Advanced Practice Nursing
In partnership with the RN, the advanced practice nurse (APRN) can follow up on the results of the risk assessment and continue the discussion of modifiable and non-modifiable risks for breast cancer (Sciaraffa et al., 2020), reinforcing the education provided and continuing the shared decision-making conversation about clinical breast exams and mammography (ACOG, 2017). The patient can voice their concerns about when to start clinical breast exams, why they are recommended, and what the next steps might be if an irregularity is discovered (ACOG, 2017). The APRN can also reinforce patients’ awareness of their breast tissue norms and when to follow up with concerns or questions. Finally, a shared decision-making conversation can discuss the latest recommendations about when to start mammography for patients over 35, considering the benefits versus risks and outlining the next steps in the individual patient's breast cancer screening journey (ACOG, 2017). This discussion should include the most current information about breast cancer screening recommendations including information about the risks of screening, overdiagnoses, and overtreatment of cancers, especially for women over the age of 50 (Richman et al., 2023).
Limitations
During this quality improvement project, several limitations were identified. The number of patients was small, and their average age was less than 35. Since increasing age is a significant risk factor for breast cancer, it would be valuable to collect additional data from patients over 35 to understand how education, clinical breast exams, and referrals for mammography are related in this age group.

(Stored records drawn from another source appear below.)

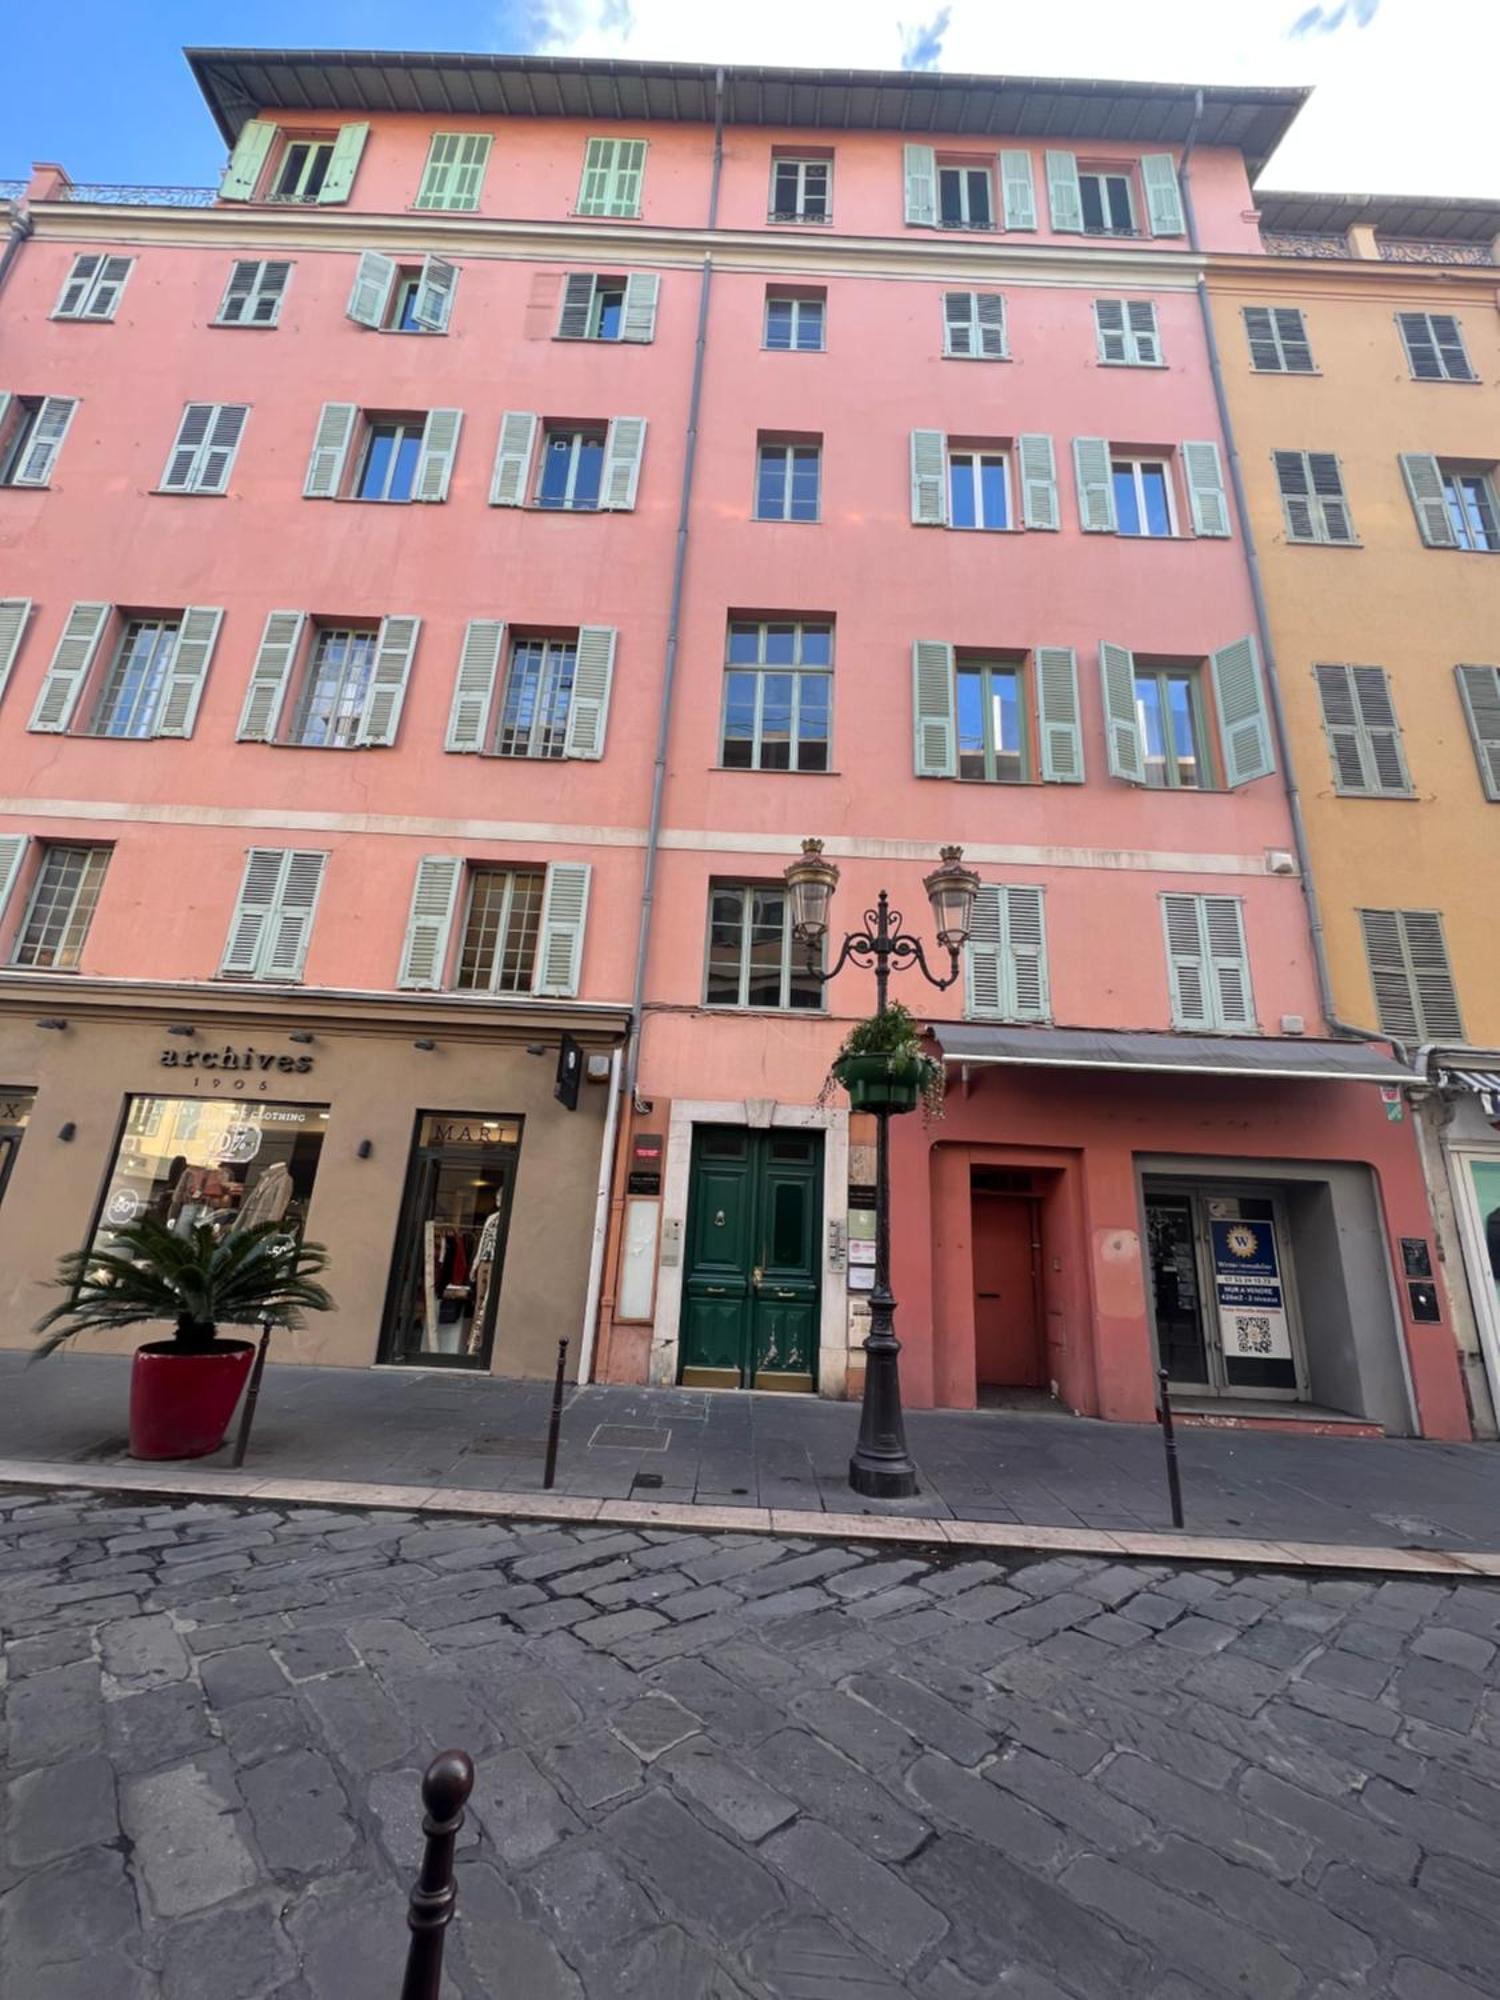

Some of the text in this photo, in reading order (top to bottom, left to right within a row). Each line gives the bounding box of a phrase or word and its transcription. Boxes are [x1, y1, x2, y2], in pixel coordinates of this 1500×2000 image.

[160, 1045, 314, 1074] archives
[193, 1077, 268, 1091] 1906
[251, 1109, 306, 1122] CLOTHING
[1234, 1236, 1249, 1247] W
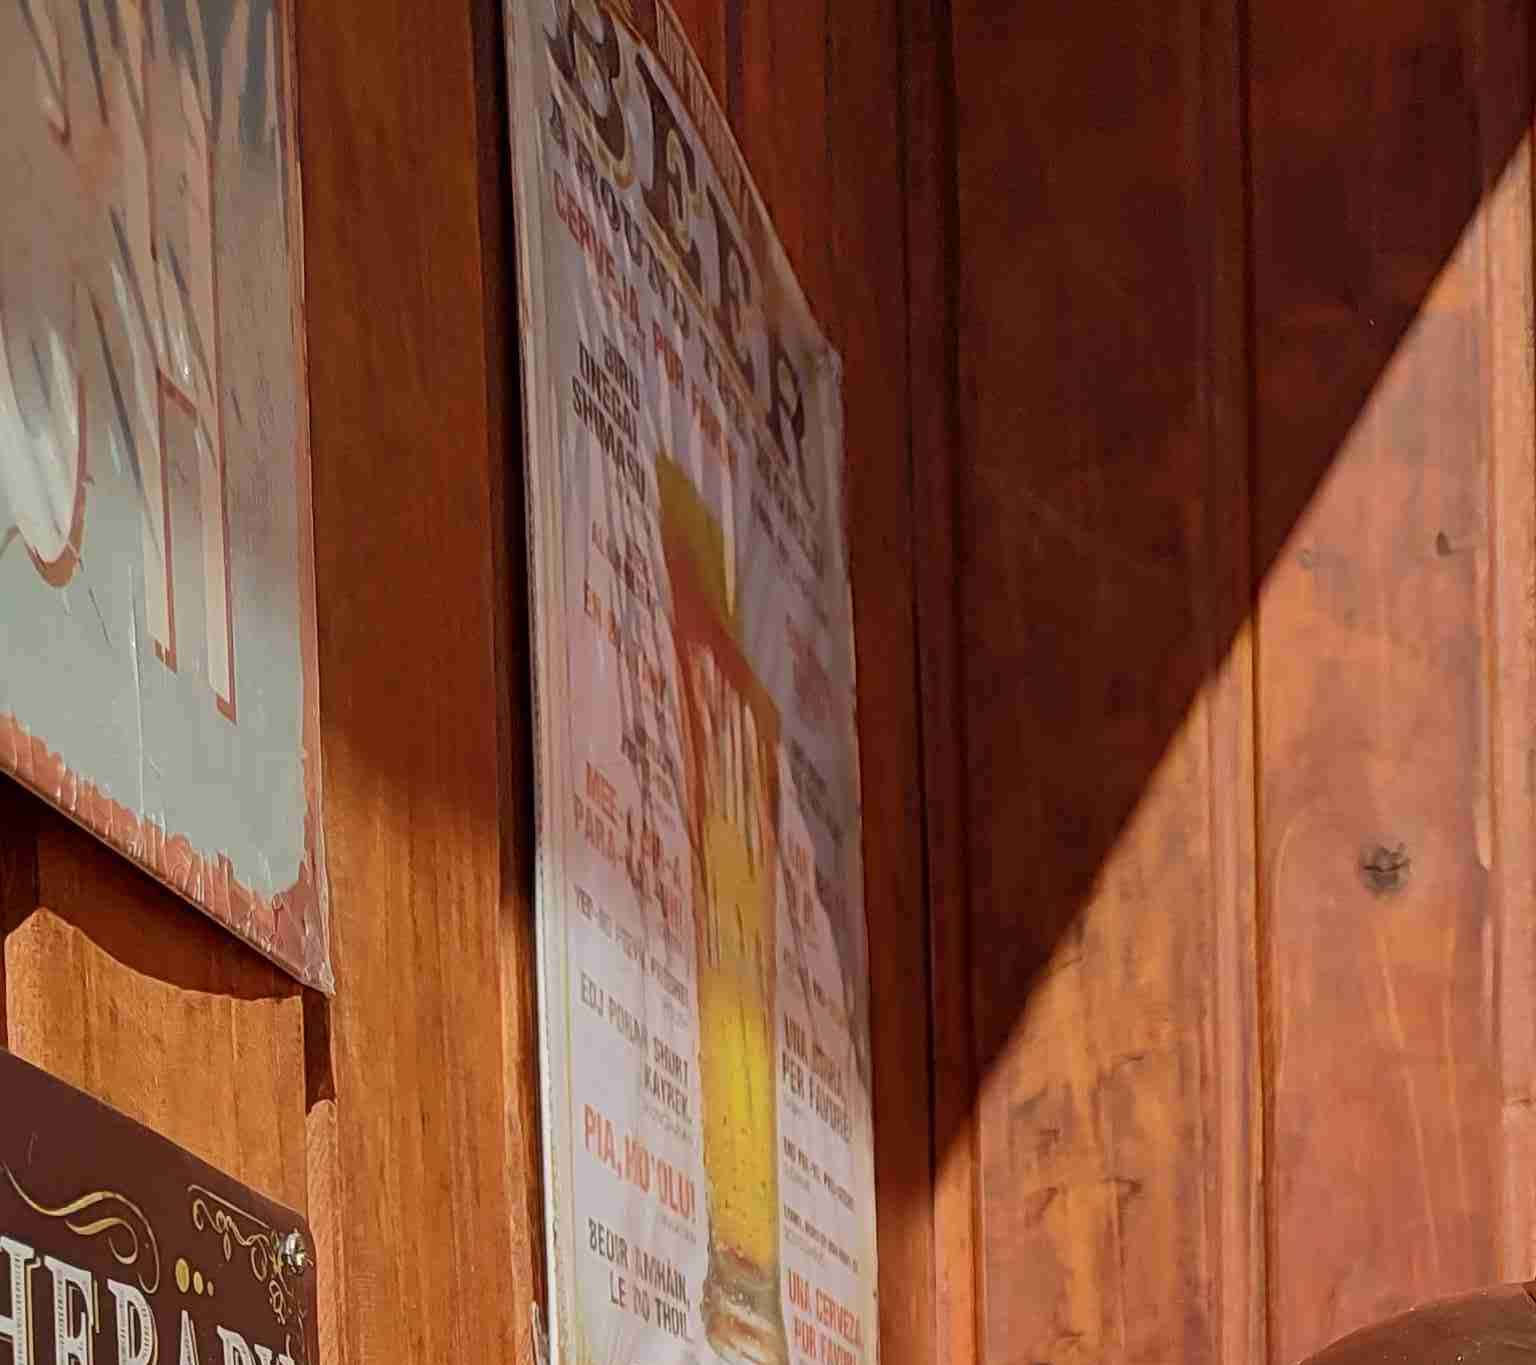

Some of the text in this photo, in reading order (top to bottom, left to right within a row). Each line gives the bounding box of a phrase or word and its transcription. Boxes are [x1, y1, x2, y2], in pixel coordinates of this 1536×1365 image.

This project was implemented in suburban and rural areas of Minnesota, which may limit its generalizability to more diverse populations. The lack of diversity in the patient population may affect the applicability of the findings and interventions to different cultural, ethnic, and socioeconomic backgrounds. Considering these factors in future projects is recommended, to ensure a more comprehensive understanding of breast cancer risk assessment and education. Addressing these limitations and expanding the project's scope to include a larger and more diverse patient population would strengthen the outcomes and enhance the effectiveness of the interventions in different settings.
Conclusion
Shared decision making is more than just a phrase; it's the practice of listening to the patient and allowing them the opportunity to make decisions alongside the provider (Baenziger, 2017), with a toolkit of known risks and benefits to screen or not screen for breast cancer at any given age. By providing comprehensive care related to breast health, the patient becomes an active participant in their health-care decisions.
Footnotes
Declaration of Conflicting Interests
The author declared no potential conflicts of interest with respect to the research, authorship, and/or publication of this article.
Funding
The author received no financial support for the research, authorship, and/or publication of this article.